(Collected data)

= = =

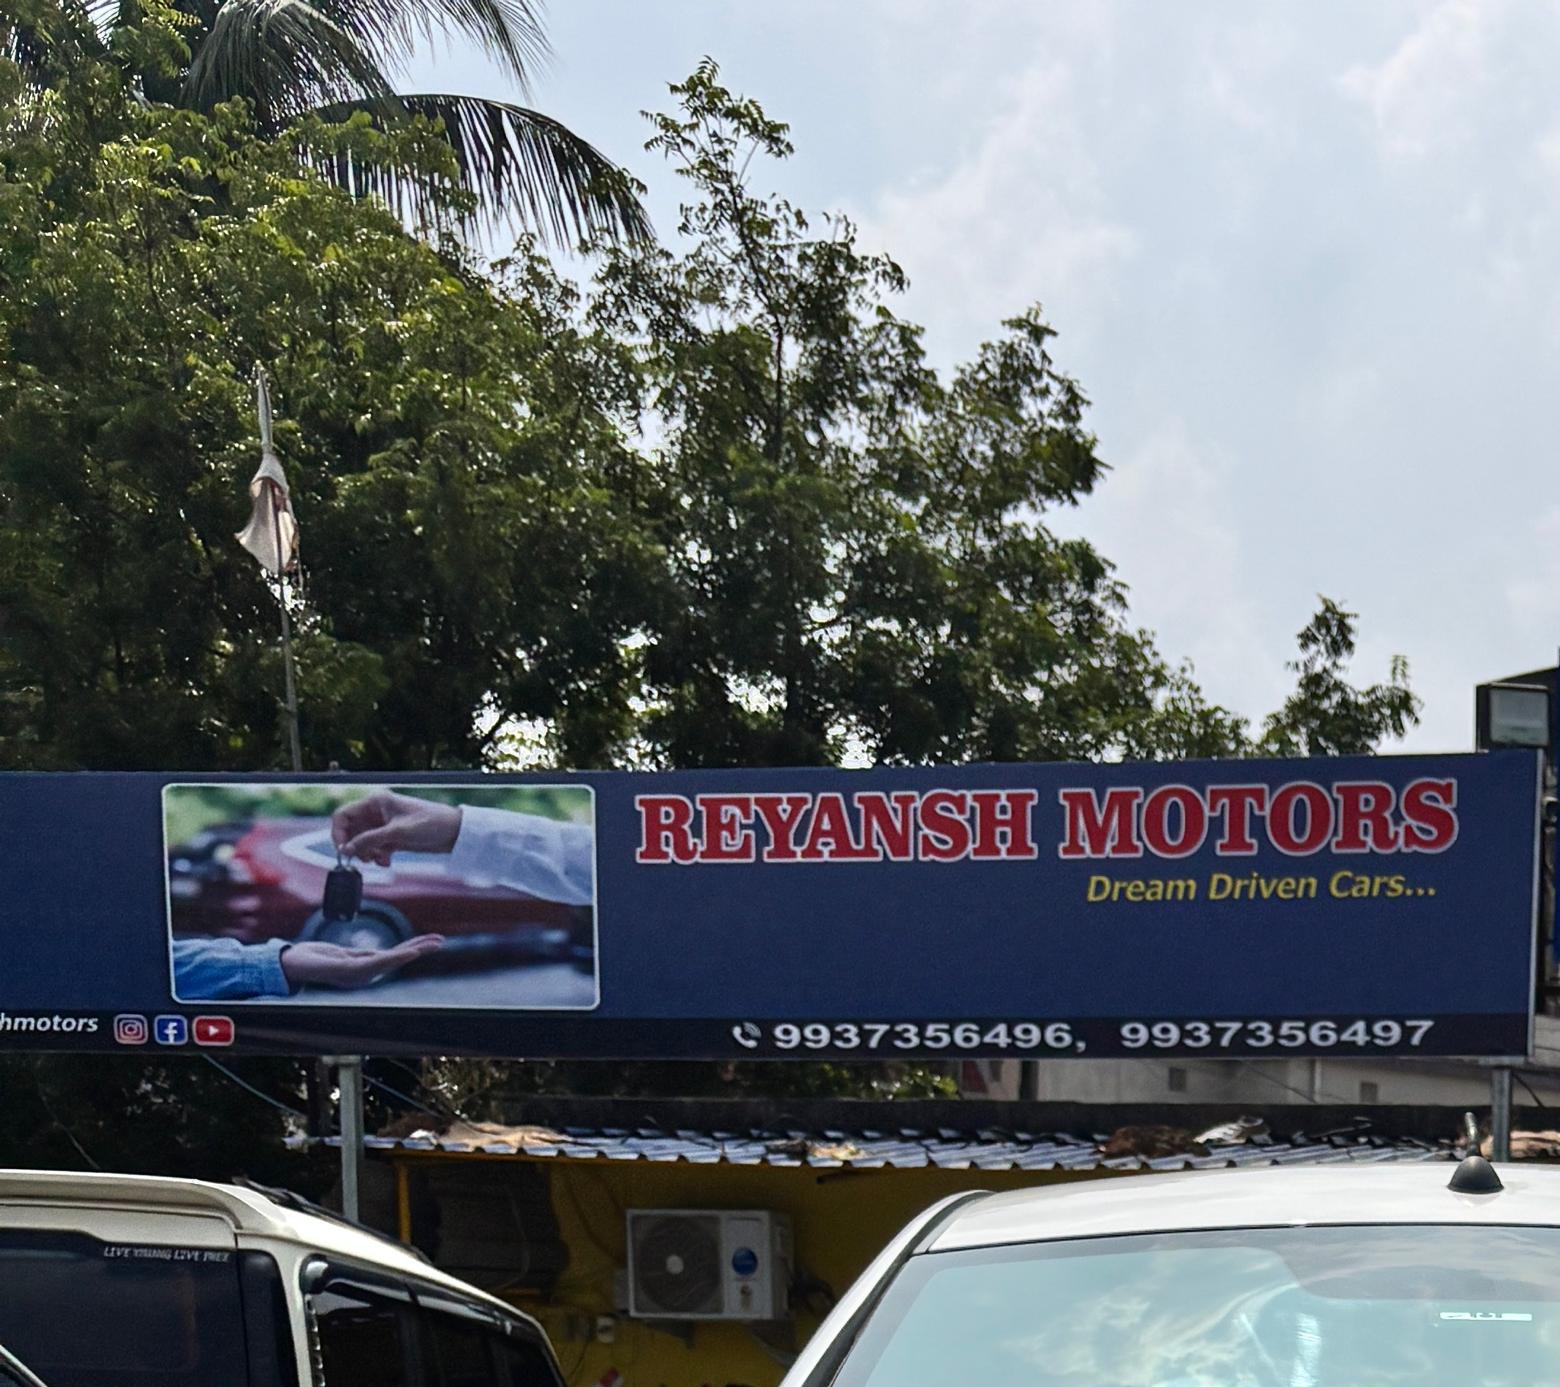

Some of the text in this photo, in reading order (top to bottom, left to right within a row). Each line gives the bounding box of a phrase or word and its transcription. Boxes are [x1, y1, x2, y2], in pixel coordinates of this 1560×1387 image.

[635, 778, 1459, 864] REYANSH MOTORS
[1087, 871, 1436, 901] Dream Driven Cars...
[773, 1020, 1435, 1052] 9937356496, 9937356497
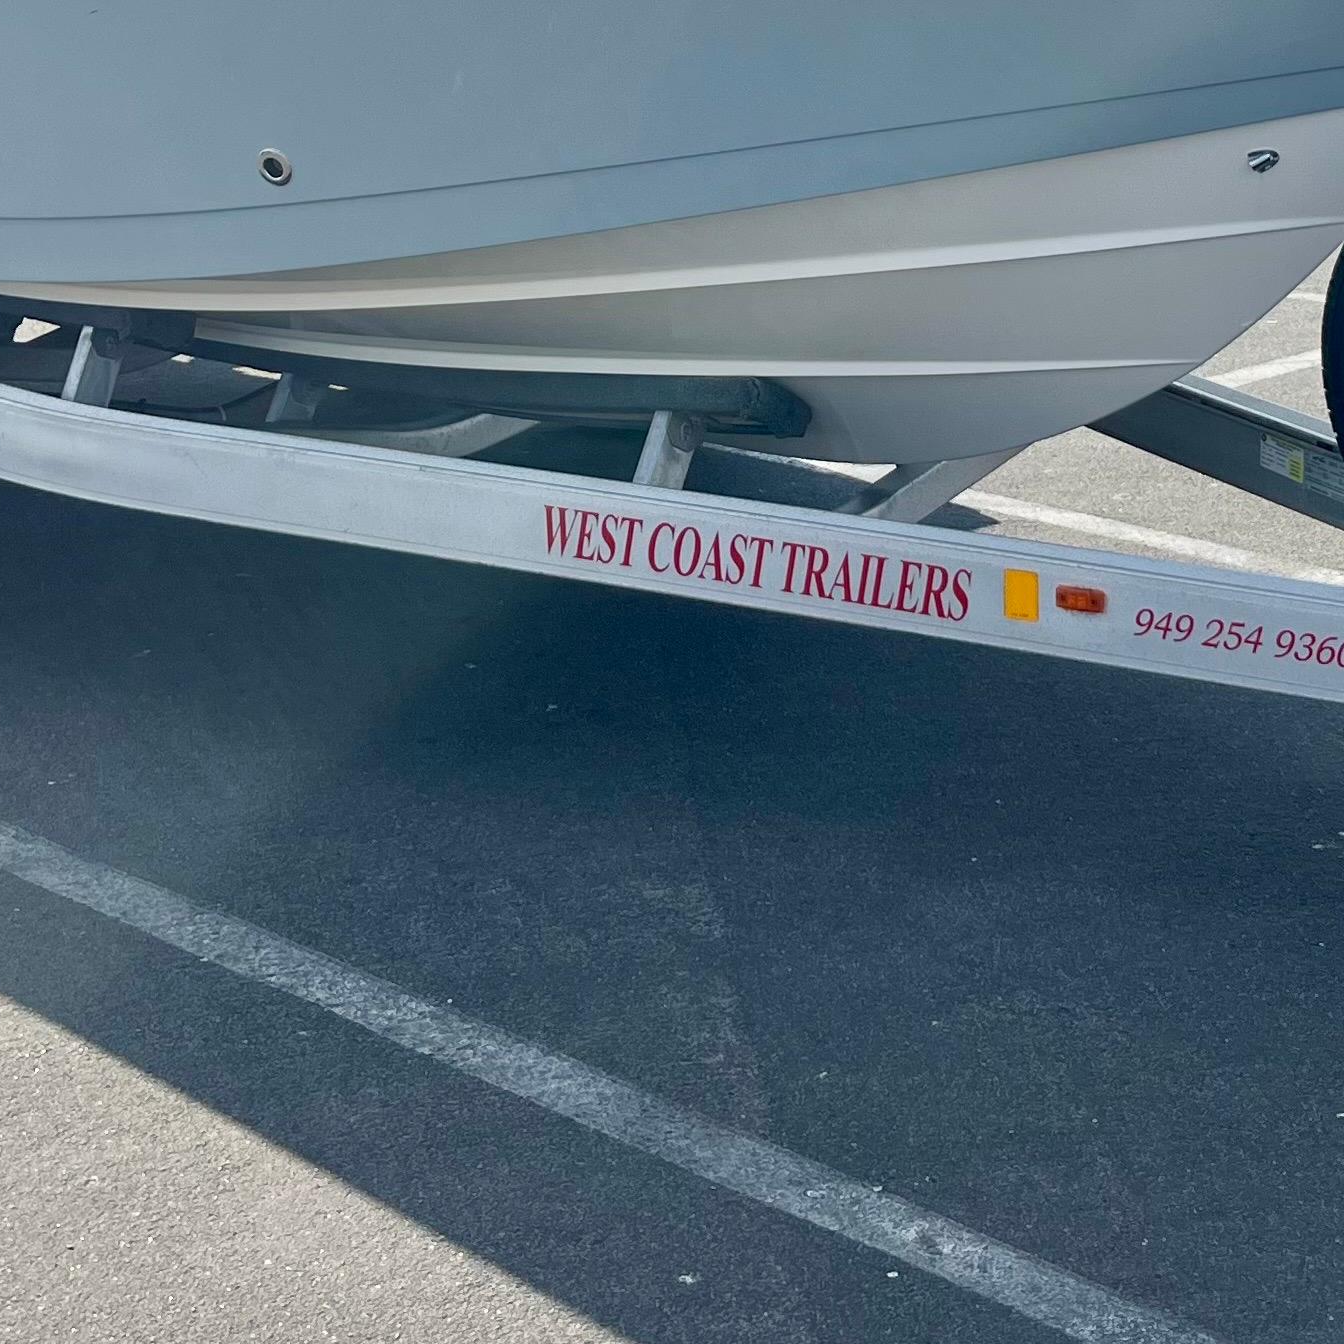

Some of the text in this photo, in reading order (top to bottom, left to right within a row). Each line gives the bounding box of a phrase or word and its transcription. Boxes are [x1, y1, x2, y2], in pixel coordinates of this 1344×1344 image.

[543, 504, 973, 622] WEST COAST TRAILERS
[1133, 608, 1195, 642] 949
[1201, 619, 1264, 654] 254
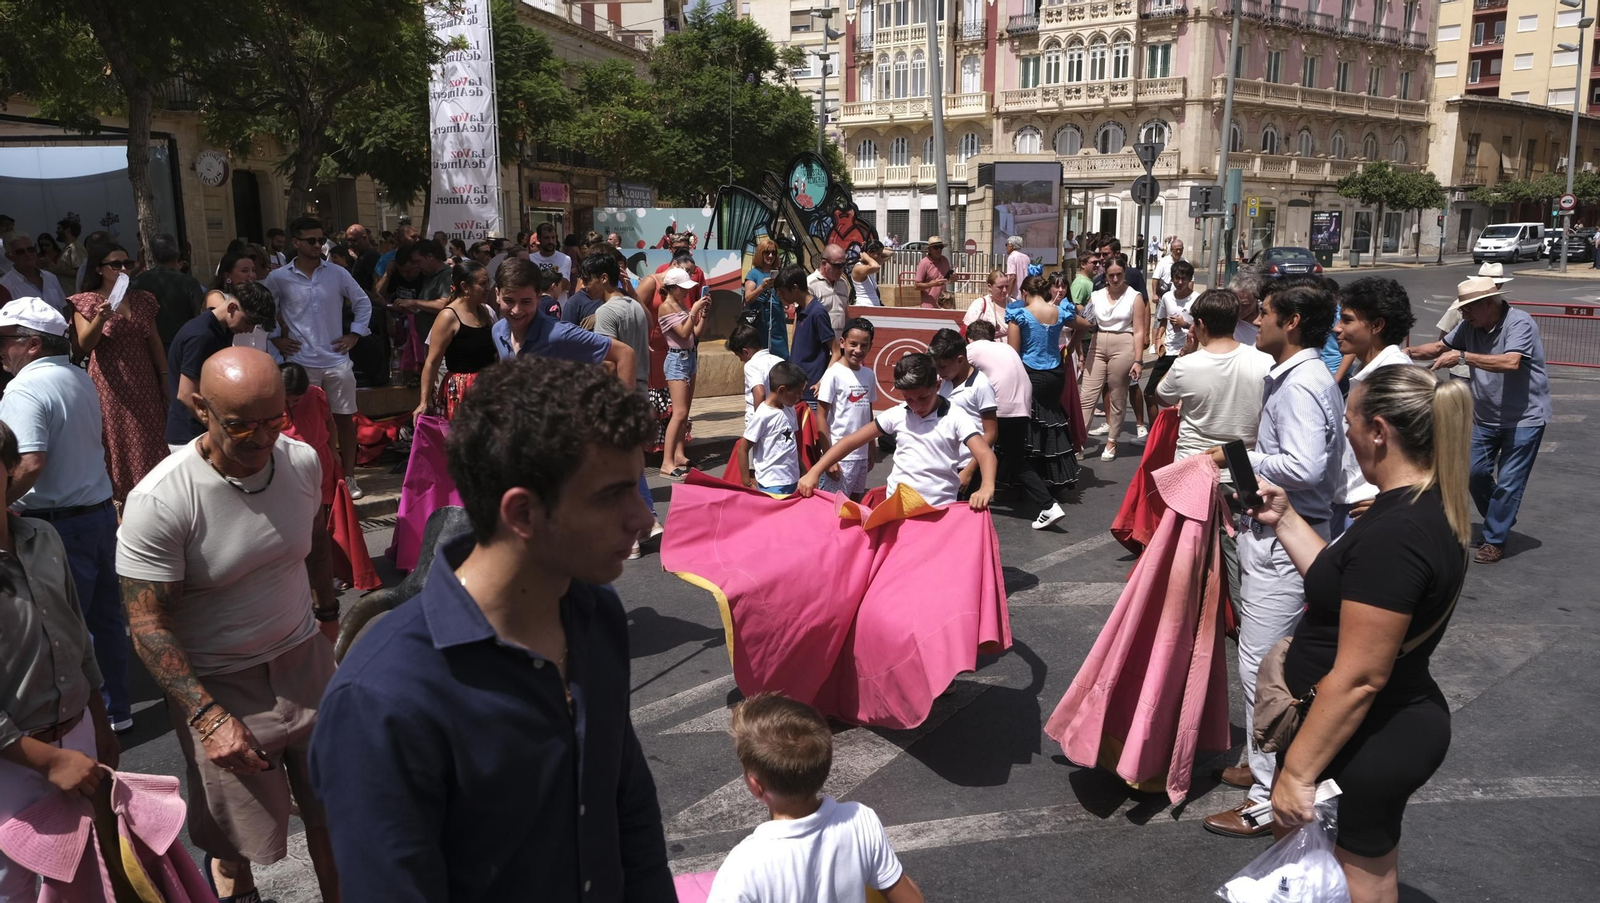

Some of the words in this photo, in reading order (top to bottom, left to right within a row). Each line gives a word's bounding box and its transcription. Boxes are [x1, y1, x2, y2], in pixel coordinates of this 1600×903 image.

[198, 171, 222, 184] ARCOS
[608, 188, 619, 197] SE
[633, 199, 641, 207] 05
[642, 200, 651, 208] 55
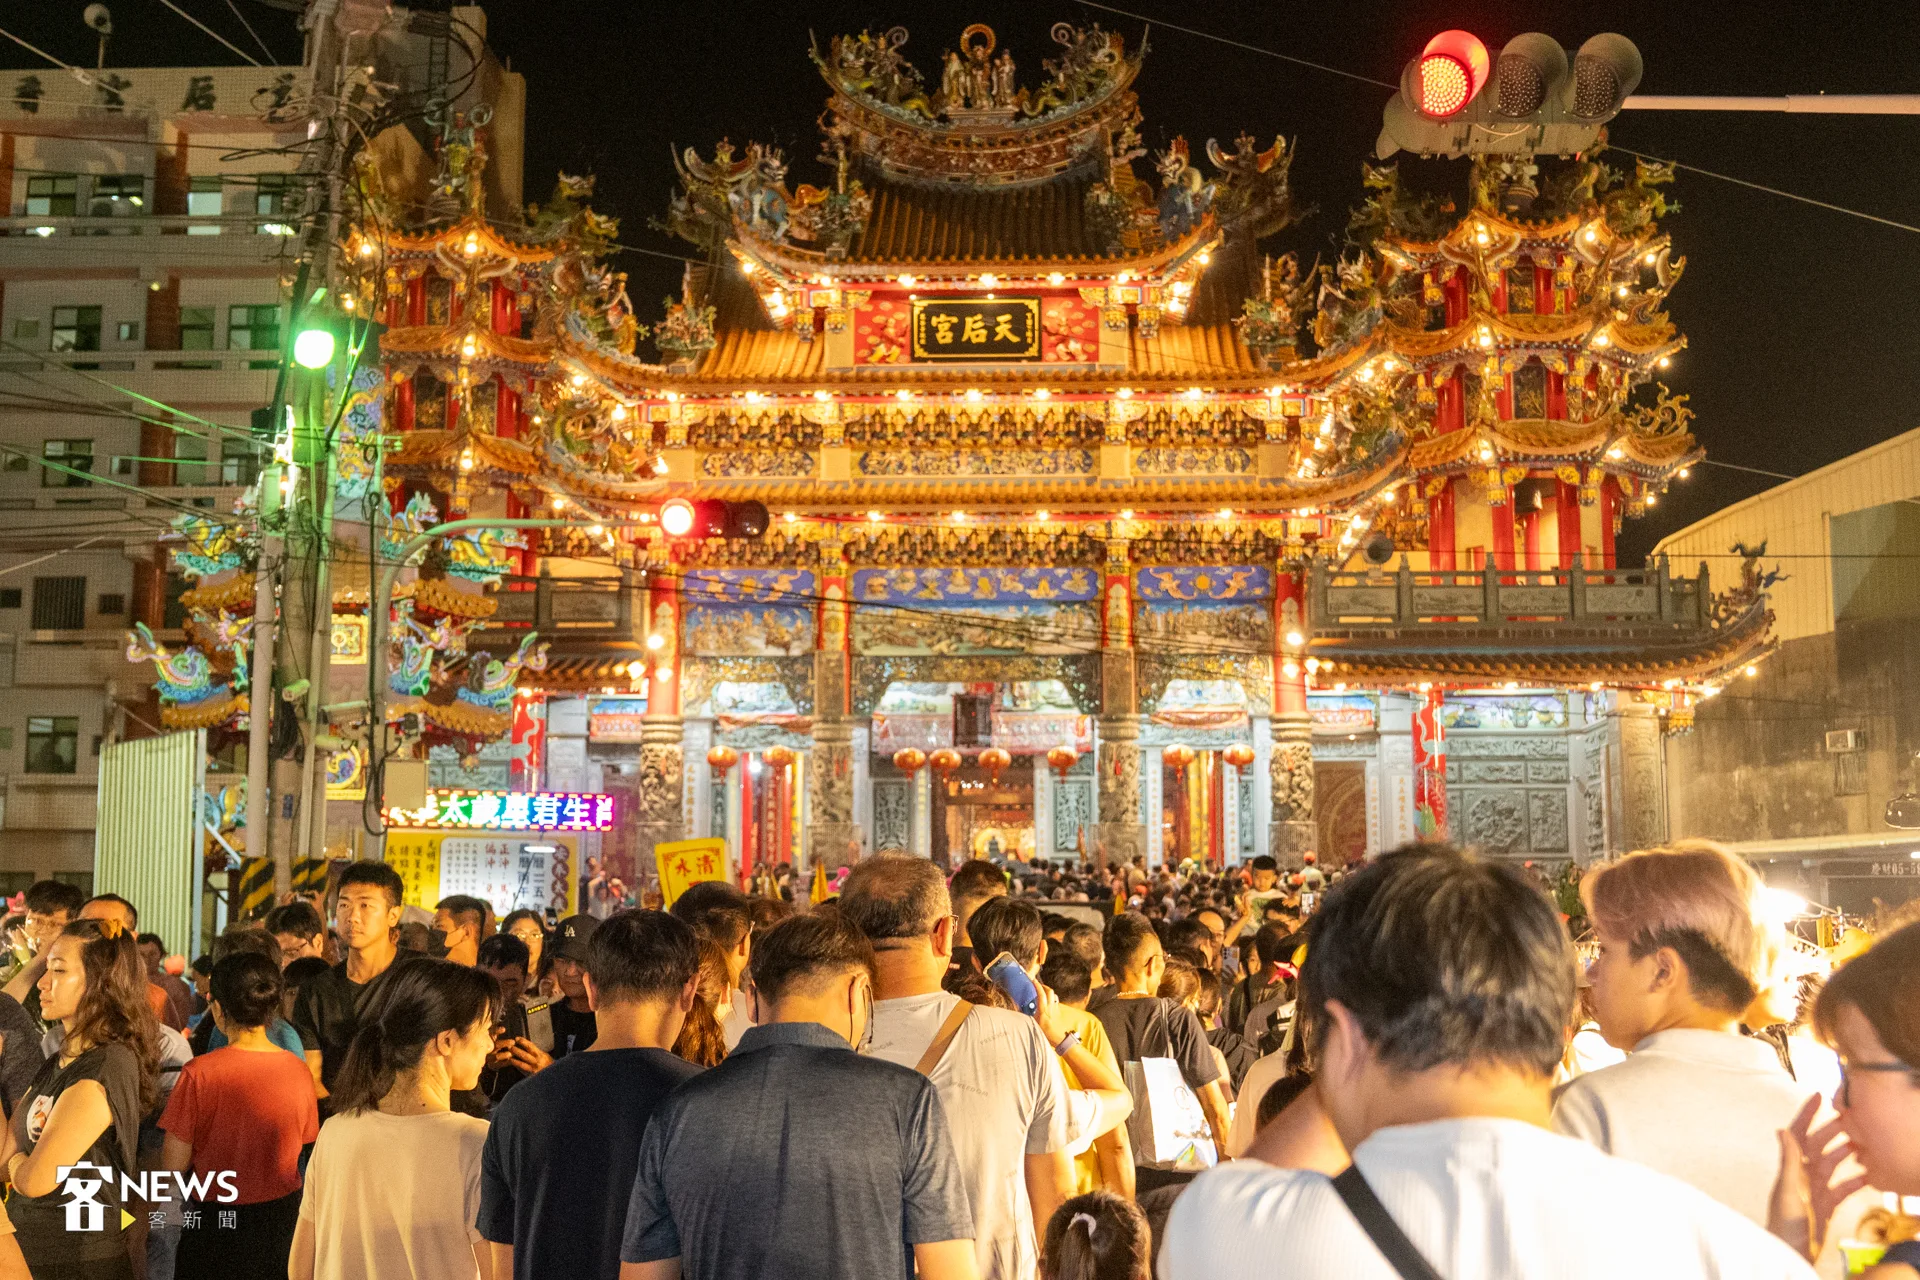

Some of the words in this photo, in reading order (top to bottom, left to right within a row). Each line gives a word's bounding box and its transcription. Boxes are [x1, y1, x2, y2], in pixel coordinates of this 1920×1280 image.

= = =

The reply should hold every line of the records unchanged and no pictures.

Some of the text in this photo, in reading order (top to bottom, left to right within a row). Each line gives the bounding box of a phrase or word and its transcription. Boxes are [x1, y1, x2, y2], in pixel coordinates of this 1560×1387 image.

[635, 778, 1459, 864] REYANSH MOTORS
[1087, 871, 1436, 901] Dream Driven Cars...
[773, 1020, 1435, 1052] 9937356496, 9937356497

Some of the text in this photo, in reading order (top to bottom, left to right within a row). Each line gives the bounding box of a phrase or word and its transcription. Boxes are [x1, y1, x2, y2], in pixel coordinates of this 1344×1344 image.

[543, 504, 973, 622] WEST COAST TRAILERS
[1133, 608, 1195, 642] 949
[1201, 619, 1264, 654] 254

Some of the words in this photo, in reading order (top to bottom, left to right within a row). Each line gives a word's bounding box and its transcription. Boxes are [x1, y1, x2, y2], in pixel coordinates of this 1600×903 image.

[198, 171, 222, 184] ARCOS
[608, 188, 619, 197] SE
[633, 199, 641, 207] 05
[642, 200, 651, 208] 55

Some of the words in this photo, in reading order (top to bottom, left to right within a row). Each line gives a word's bounding box and its transcription. Boxes are [x1, y1, x2, y2], in pixel coordinates of this 1920×1280 image.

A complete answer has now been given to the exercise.